■ TASK REQUIREMENTS: Please give back every entry in full, word for word, but none of the pictures.

■ INPUT:
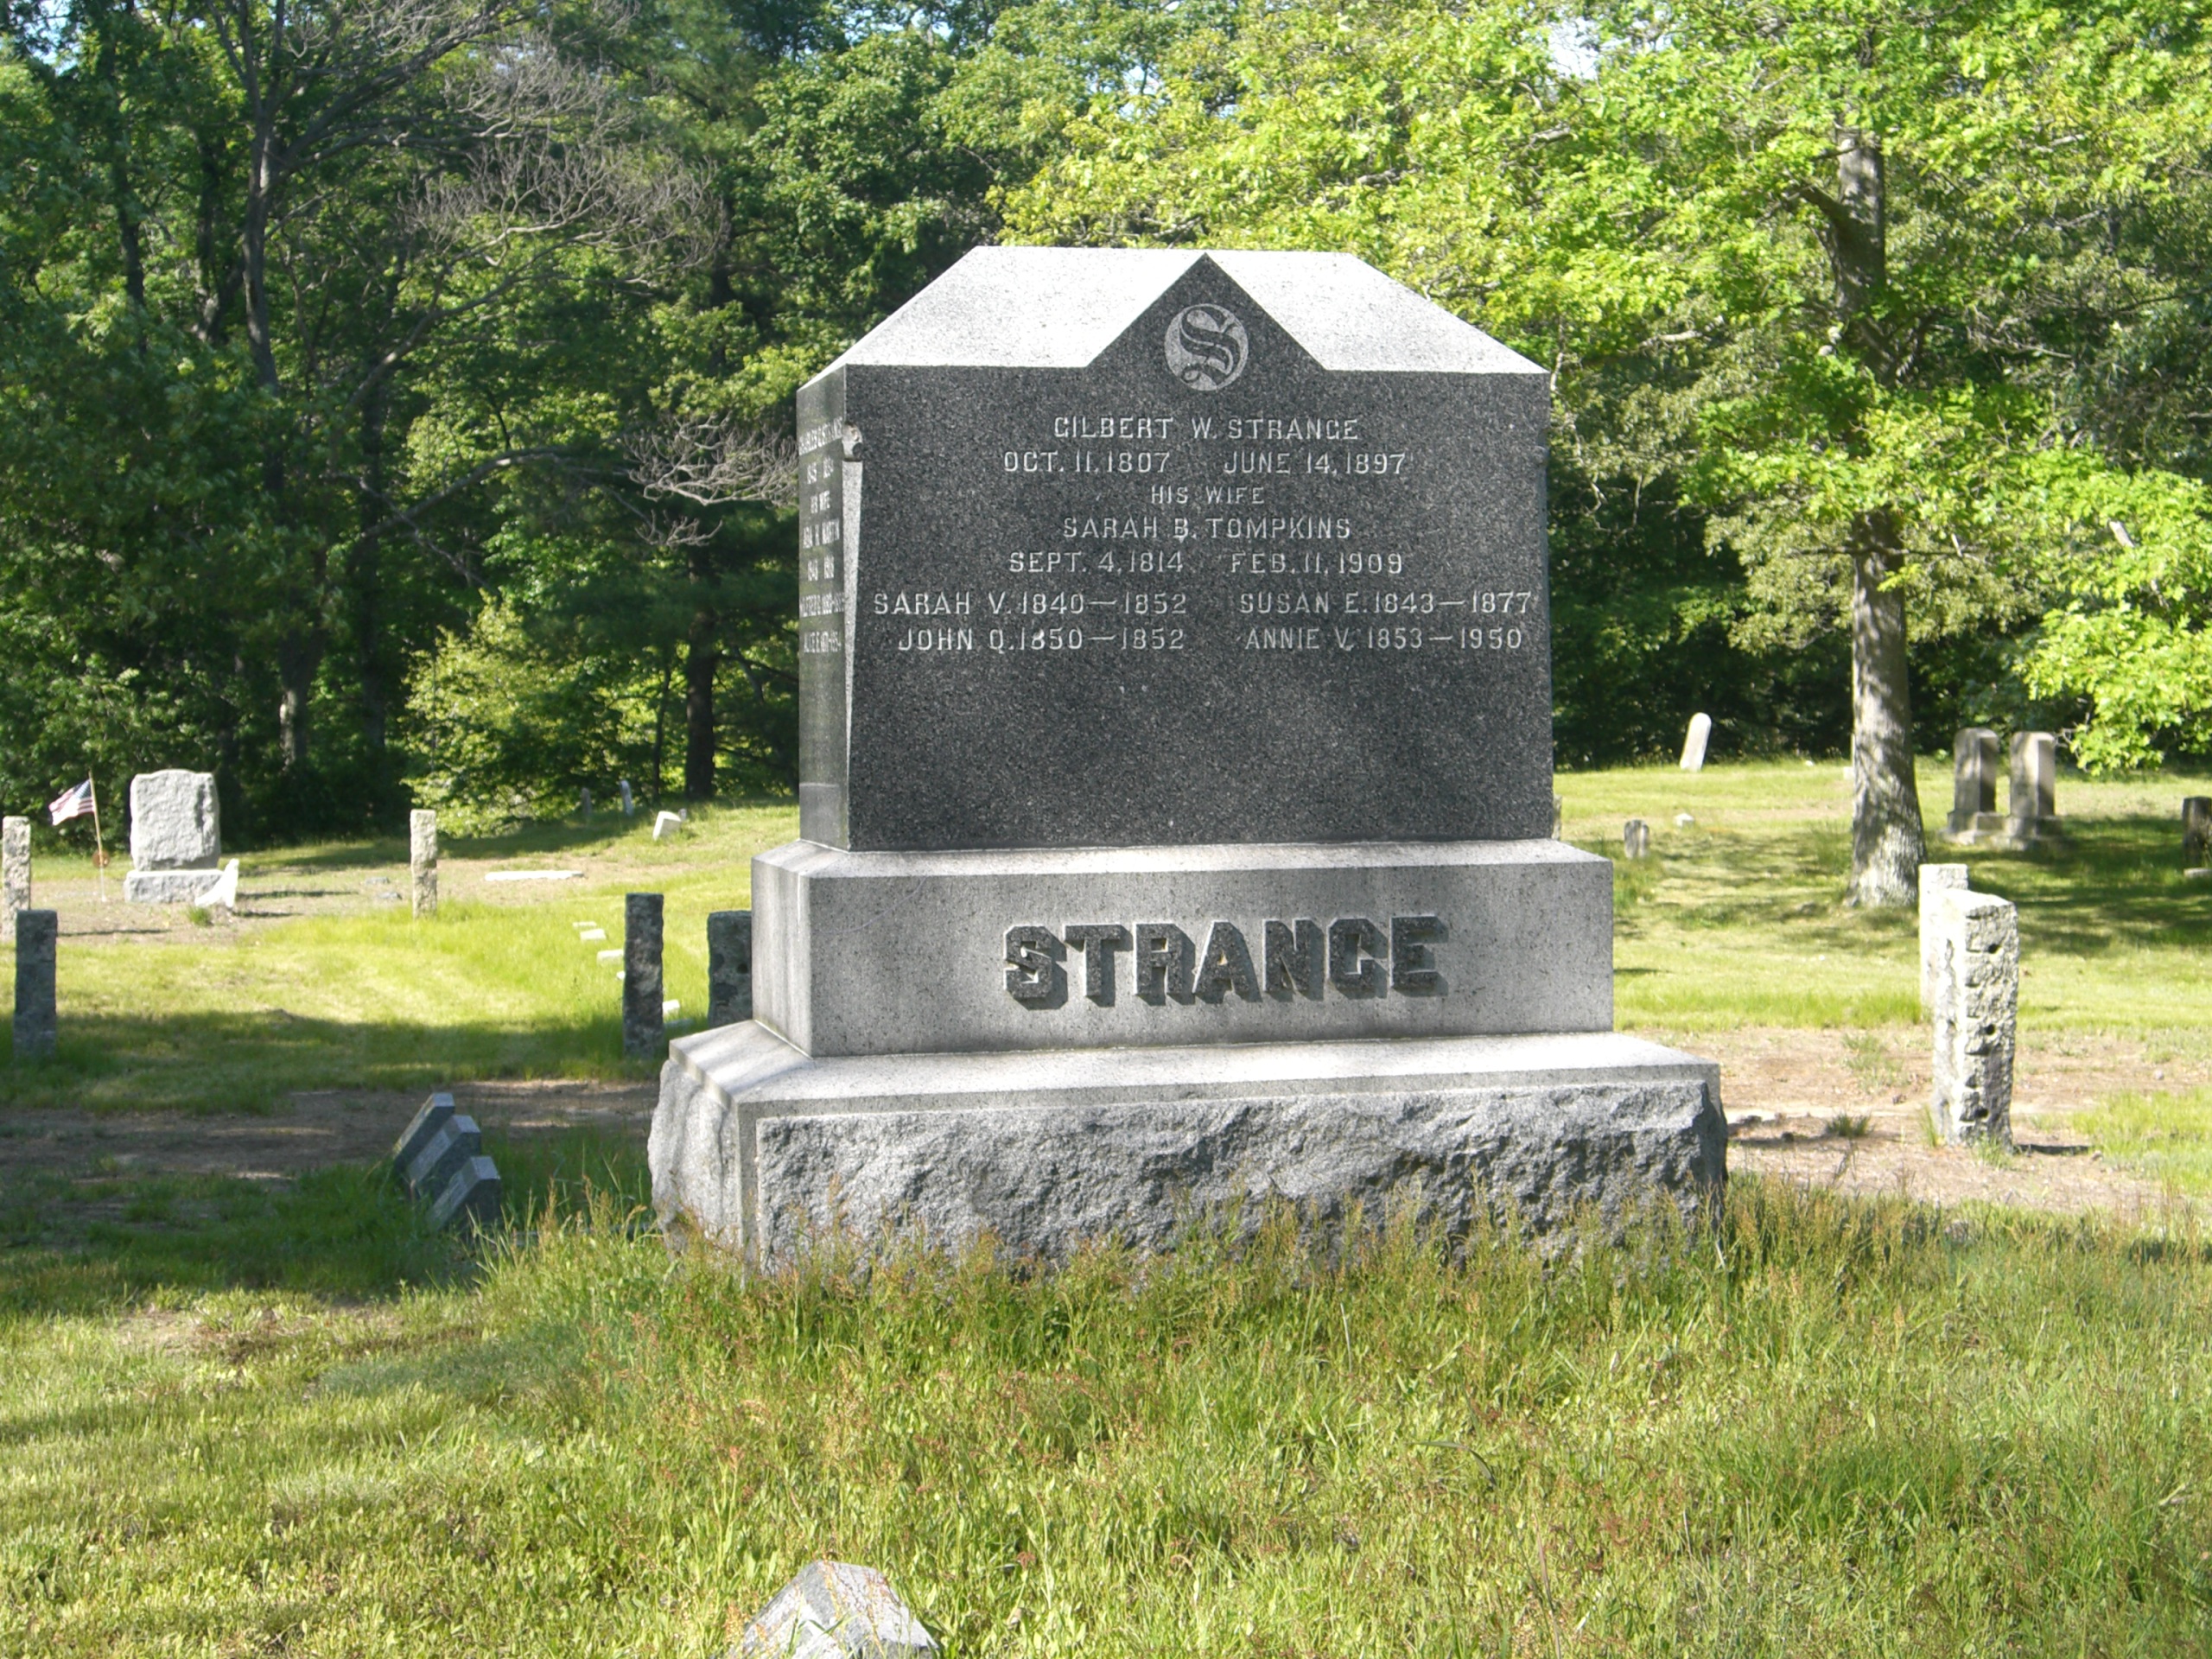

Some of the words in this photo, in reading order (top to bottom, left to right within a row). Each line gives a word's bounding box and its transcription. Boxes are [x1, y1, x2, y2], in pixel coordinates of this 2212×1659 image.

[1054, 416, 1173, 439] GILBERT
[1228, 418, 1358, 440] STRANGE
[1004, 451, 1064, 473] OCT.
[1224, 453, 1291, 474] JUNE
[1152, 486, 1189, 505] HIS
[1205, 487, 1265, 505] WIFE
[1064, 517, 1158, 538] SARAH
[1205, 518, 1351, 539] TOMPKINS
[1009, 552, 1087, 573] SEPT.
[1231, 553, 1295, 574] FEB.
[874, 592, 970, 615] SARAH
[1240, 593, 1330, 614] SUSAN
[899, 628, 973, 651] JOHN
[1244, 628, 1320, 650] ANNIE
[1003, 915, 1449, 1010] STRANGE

■ EXERCISE ANSWER:
Some of the words in this photo, in reading order (top to bottom, left to right within a row). Each line gives a word's bounding box and its transcription. Boxes are [x1, y1, x2, y2], in pixel coordinates of this 2212×1659 image.

[1054, 416, 1173, 439] GILBERT
[1228, 418, 1358, 440] STRANGE
[1004, 451, 1064, 473] OCT.
[1224, 453, 1291, 474] JUNE
[1152, 486, 1189, 505] HIS
[1205, 487, 1265, 505] WIFE
[1064, 517, 1158, 538] SARAH
[1205, 518, 1351, 539] TOMPKINS
[1009, 552, 1087, 573] SEPT.
[1231, 553, 1295, 574] FEB.
[874, 592, 970, 615] SARAH
[1240, 593, 1330, 614] SUSAN
[899, 628, 973, 651] JOHN
[1244, 628, 1320, 650] ANNIE
[1003, 915, 1449, 1010] STRANGE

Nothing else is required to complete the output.